Because it is undisputed that this case could have been brought in the Dallas Division in the Northern District of Texas, the Court focuses on the second question, whether transfer is appropriate under the circumstances. In making this determination, the Court may consider a number of factors, including:
(1) the plaintiffs choice of forum, (2) the convenience of witnesses, (3) the location of relevant documents and relative ease of access to sources of proof, (4) the convenience of parties, (5) the locus of operative facts, (6) the availability of process to compel the attendance of unwilling witnesses, and (7) the relative means of the parties.
New York Marine, 599 F.3d at 112 (quoting D.H. Blair & Co., Inc. v. Gottdiener, 462 F.3d 95, 106-07 (2d Cir. 2006)).

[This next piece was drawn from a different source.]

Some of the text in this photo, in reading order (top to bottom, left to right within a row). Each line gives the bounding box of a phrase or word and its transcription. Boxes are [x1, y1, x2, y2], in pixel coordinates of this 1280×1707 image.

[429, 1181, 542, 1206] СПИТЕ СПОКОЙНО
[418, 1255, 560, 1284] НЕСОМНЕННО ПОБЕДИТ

Having considered these factors, the Court concludes that the Northern District of Texas is the more appropriate forum for this action. A large majority of the witnesses likely to be called in this case reside in Texas. See Plains Mem. (Transfer) 11-13. Furthermore, Vulcan's connections to New York are tenuous at best-Vulcan appears to have never been registered to do business in New York, see O'Brien Decl. ¶ 3, and Ford Graham appears to be a resident of New Jersey, see O'Brien Decl. ¶ 4. Most significantly, Vulcan has not disputed any of these particular allegations, and further states "that it does not oppose [Plains'] request that the Court exercise its discretion... to transfer all of the action to the United States District Court, Northern District of Texas, and Dallas Division." Pl. Opp. (Transfer) 2. Cf. Sanders v. Delta Air Lines, Inc., No. 13-cv-2800 (PKC), 2013 WL 5755248, at *2 (E.D.N.Y. Oct. 23, 2013) (discounting the significance of plaintiff's choice of forum where the motion to transfer was not opposed). Under these circumstances, the Court finds that transfer to that district is appropriate, and Plains' motion is granted.

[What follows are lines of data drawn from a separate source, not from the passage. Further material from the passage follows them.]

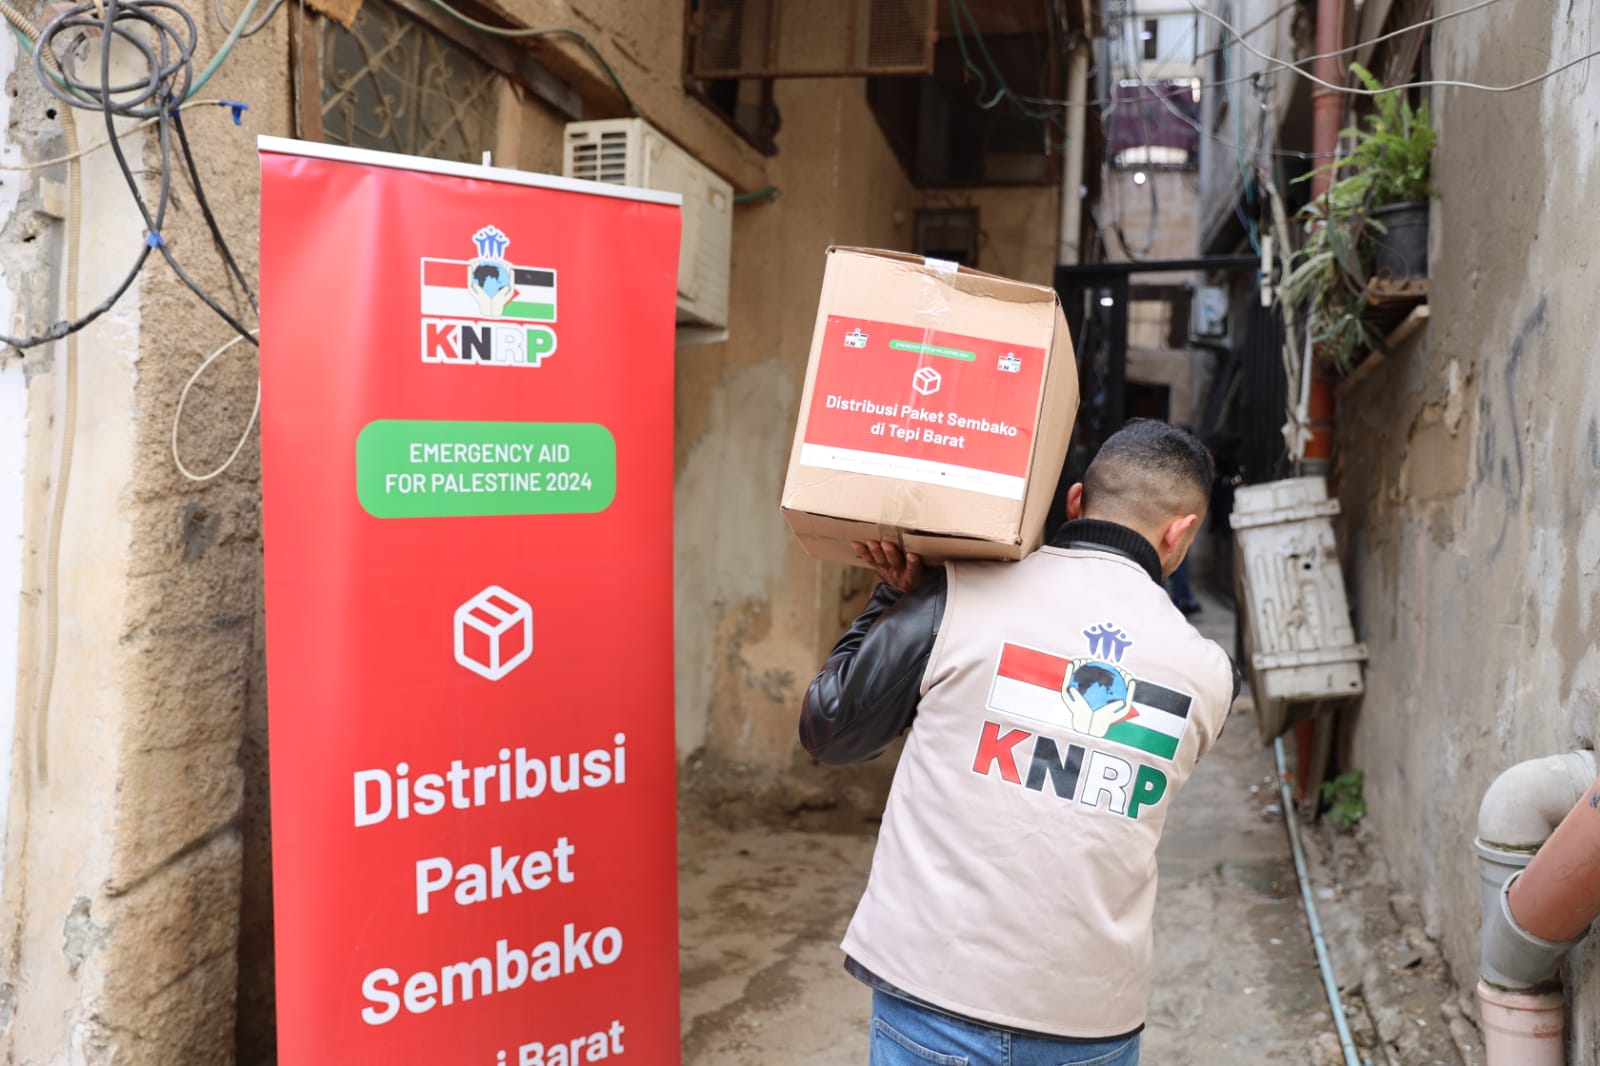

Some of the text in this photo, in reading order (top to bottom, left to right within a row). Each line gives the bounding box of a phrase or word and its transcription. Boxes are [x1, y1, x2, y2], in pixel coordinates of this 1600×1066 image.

[421, 319, 556, 366] KNRP
[826, 395, 1018, 437] Distribusi Paket Sembako
[870, 422, 966, 449] di Tepi Barat
[409, 443, 571, 464] EMERGENCY AID
[385, 472, 593, 494] FOR PALESTINE 2024
[353, 732, 627, 828] Distribusi
[970, 719, 1169, 820] KNRP
[415, 836, 575, 915] Paket
[361, 923, 624, 1026] Sembako

For the foregoing reasons, the motion to transfer to the Eastern District of Tennessee is denied, the motion to transfer to the Dallas Division in the Northern District of Texas is granted, and the Court declines to reach the motion to dismiss. The Clerk of Court is directed to transfer this action to the Northern District of Texas, Dallas Division, for all future proceedings.